Free-text object descriptions:

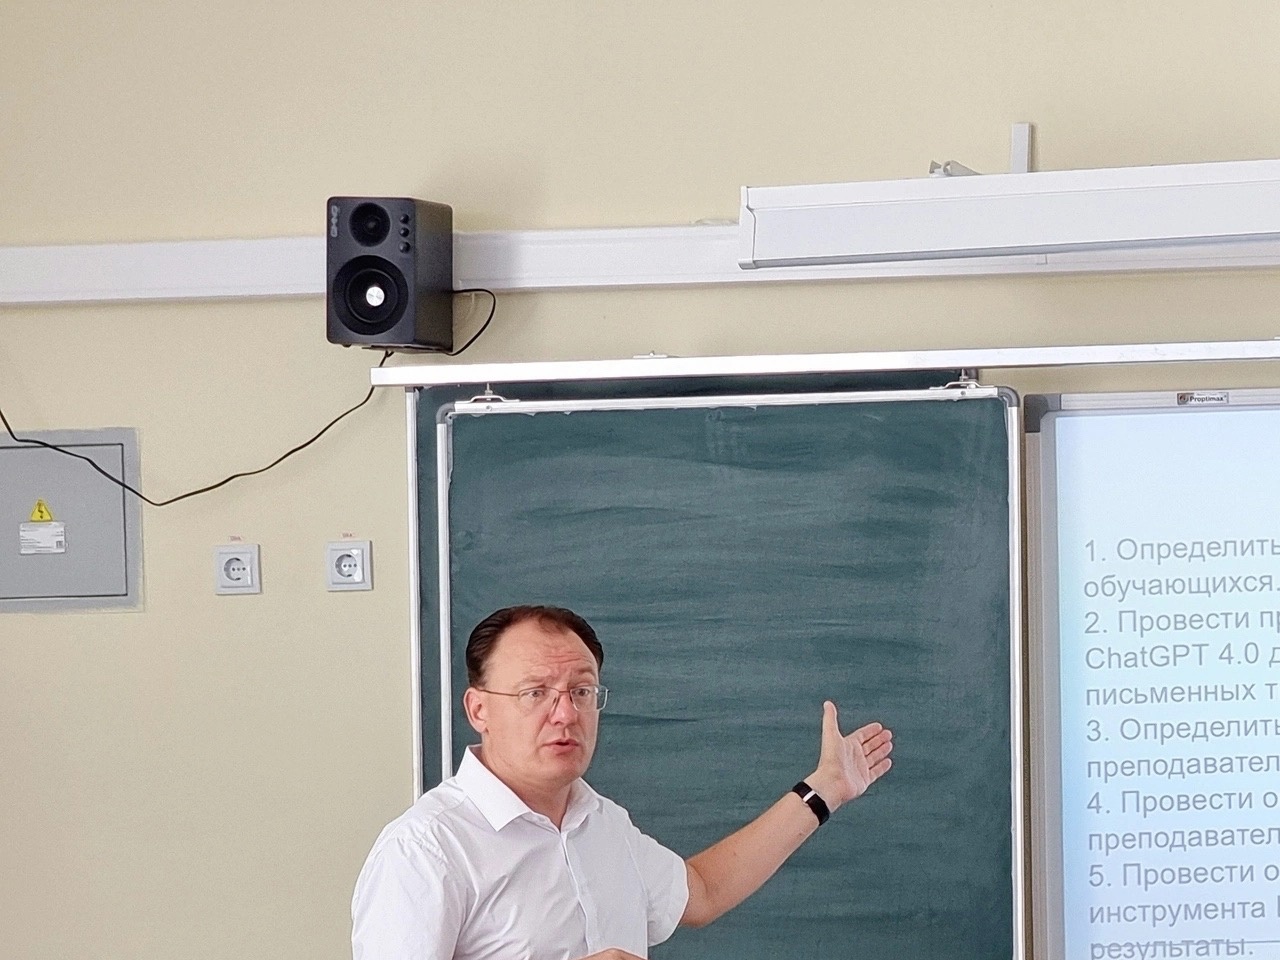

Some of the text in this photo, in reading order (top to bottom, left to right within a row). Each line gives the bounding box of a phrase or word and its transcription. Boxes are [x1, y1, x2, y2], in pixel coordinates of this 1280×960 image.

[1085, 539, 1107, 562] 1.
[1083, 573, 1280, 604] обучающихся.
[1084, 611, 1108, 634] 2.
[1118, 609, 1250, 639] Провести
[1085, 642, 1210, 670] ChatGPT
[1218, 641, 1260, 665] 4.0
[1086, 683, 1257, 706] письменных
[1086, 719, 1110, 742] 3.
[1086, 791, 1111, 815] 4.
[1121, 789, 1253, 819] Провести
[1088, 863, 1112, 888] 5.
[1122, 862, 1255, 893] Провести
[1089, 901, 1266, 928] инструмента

Work to complete:
Reproduce all of the data exactly, omitting each picture it holds.

Response to the exercise:
Some of the text in this photo, in reading order (top to bottom, left to right within a row). Each line gives the bounding box of a phrase or word and its transcription. Boxes are [x1, y1, x2, y2], in pixel coordinates of this 1280×960 image.

[1085, 539, 1107, 562] 1.
[1083, 573, 1280, 604] обучающихся.
[1084, 611, 1108, 634] 2.
[1118, 609, 1250, 639] Провести
[1085, 642, 1210, 670] ChatGPT
[1218, 641, 1260, 665] 4.0
[1086, 683, 1257, 706] письменных
[1086, 719, 1110, 742] 3.
[1086, 791, 1111, 815] 4.
[1121, 789, 1253, 819] Провести
[1088, 863, 1112, 888] 5.
[1122, 862, 1255, 893] Провести
[1089, 901, 1266, 928] инструмента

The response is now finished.